Back to Faculty Directory
Photo of Shi, Li

lishi@mail.utexas.edu
512-471-3109
Office Location: GLT 2.230

Li Shi

Professor

Ernest Cockrell, Sr. Chair in Engineering #2

Department Research Areas:
Advanced Materials Science and Engineering
Clean Energy Technology
Nano and Micro-scale Engineering
Thermal Fluids Systems and Transport Phenomena

Laboratory of Quantum Materials for Sustainable Technologies

Li Shi received his doctoral, master, and bachelor degrees from University of California at Berkeley, Arizona State University, and Tsinghua University, respectively. He was an IBM Research Staff Member for a year before joining the University of Texas (UT) at Austin as an assistant professor in 2002, followed by appointments to the BF Goodrich Endowed Professorship in Materials Engineering.
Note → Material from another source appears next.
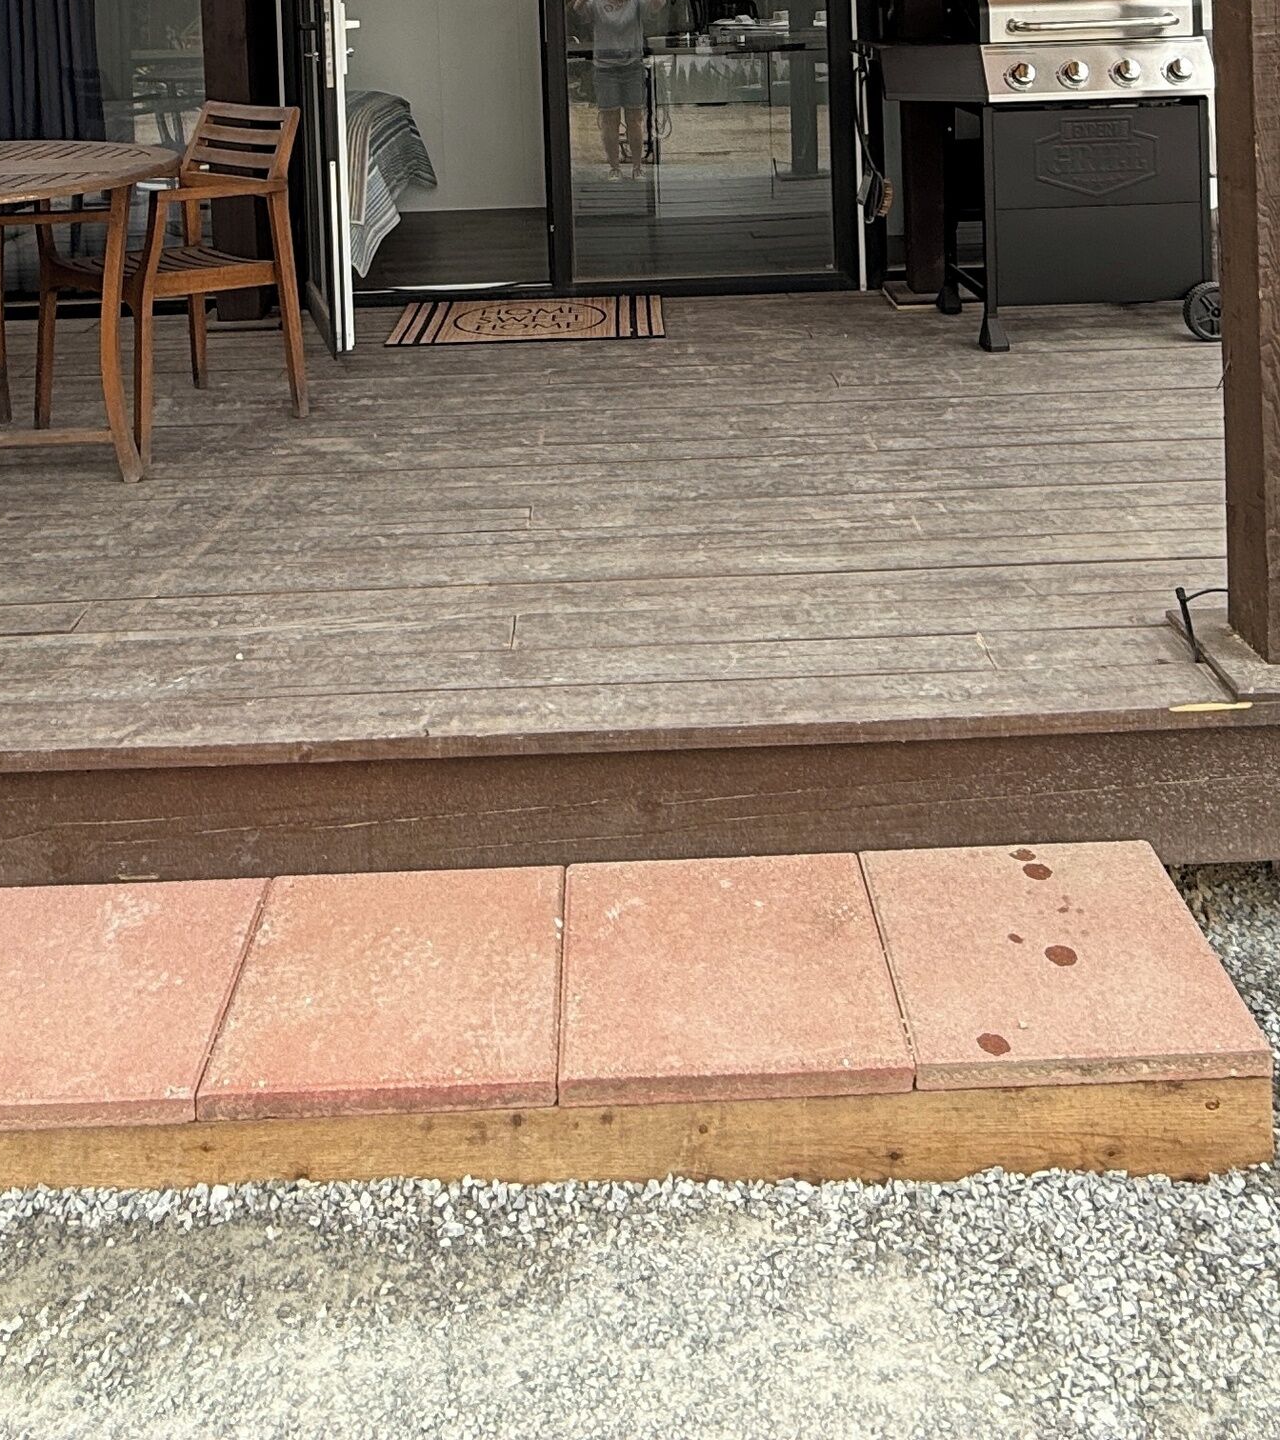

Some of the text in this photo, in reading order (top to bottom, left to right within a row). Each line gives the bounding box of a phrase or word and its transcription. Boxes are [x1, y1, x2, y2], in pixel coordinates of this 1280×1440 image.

[482, 307, 584, 316] HOME
[476, 314, 583, 324] SWEET
[476, 322, 582, 331] HOME
At UT Austin, Dr. Shi has been a primary instructor for two undergraduate core courses, Heat Transfer and Experimental Heat Transfer, and two graduate courses, Radiation Heat Transfer and Nanoscale Energy Transport and Conversion. He has taught a large number of students enrolled in these courses.

Prof. Shi has made seminal contributions to the science and engineering of ultrahigh-thermal conductivity materials, including carbon nanotubes (CNTs), graphene, hexagonal (h-) and cubic (c-) boron nitride (BN), cubic boron arsenide (c-BAs), and theta-phase tantalum nitride (TaN). His research group has pioneered a set of unique experimental methods based on electro-thermal microbridge platforms, inelastic light scattering, and scanning probe microscopy to discover the underlying phonon-mediated transport mechanisms in one-dimensional CNTs, two-dimensional graphene and h-BN, and three-dimensional architectures of these low-dimensional materials for thermal management. He led a multidisciplinary research team to demonstrate c-BAs as the first known bulk semiconductor with an unusual high thermal conductivity, which defies the conventional criteria requiring strongly bonded light elements to achieve a high lattice thermal conductivity. This work on c-BAs and their subsequent study of semi-metallic TaN have helped to establish a new phonon band engineering paradigm of ultrahigh-thermal conductivity compound semiconductors and semimetals. In addition, their research has advanced the fundamental understanding of coupled heat, charge, and spin transport phenomena in thermoelectric, topological, and spintronic materials, including conducting polymers, transition metal chalcogenides, incommensurate chimney ladder and spin ladder compounds, and ferromagnetic garnets.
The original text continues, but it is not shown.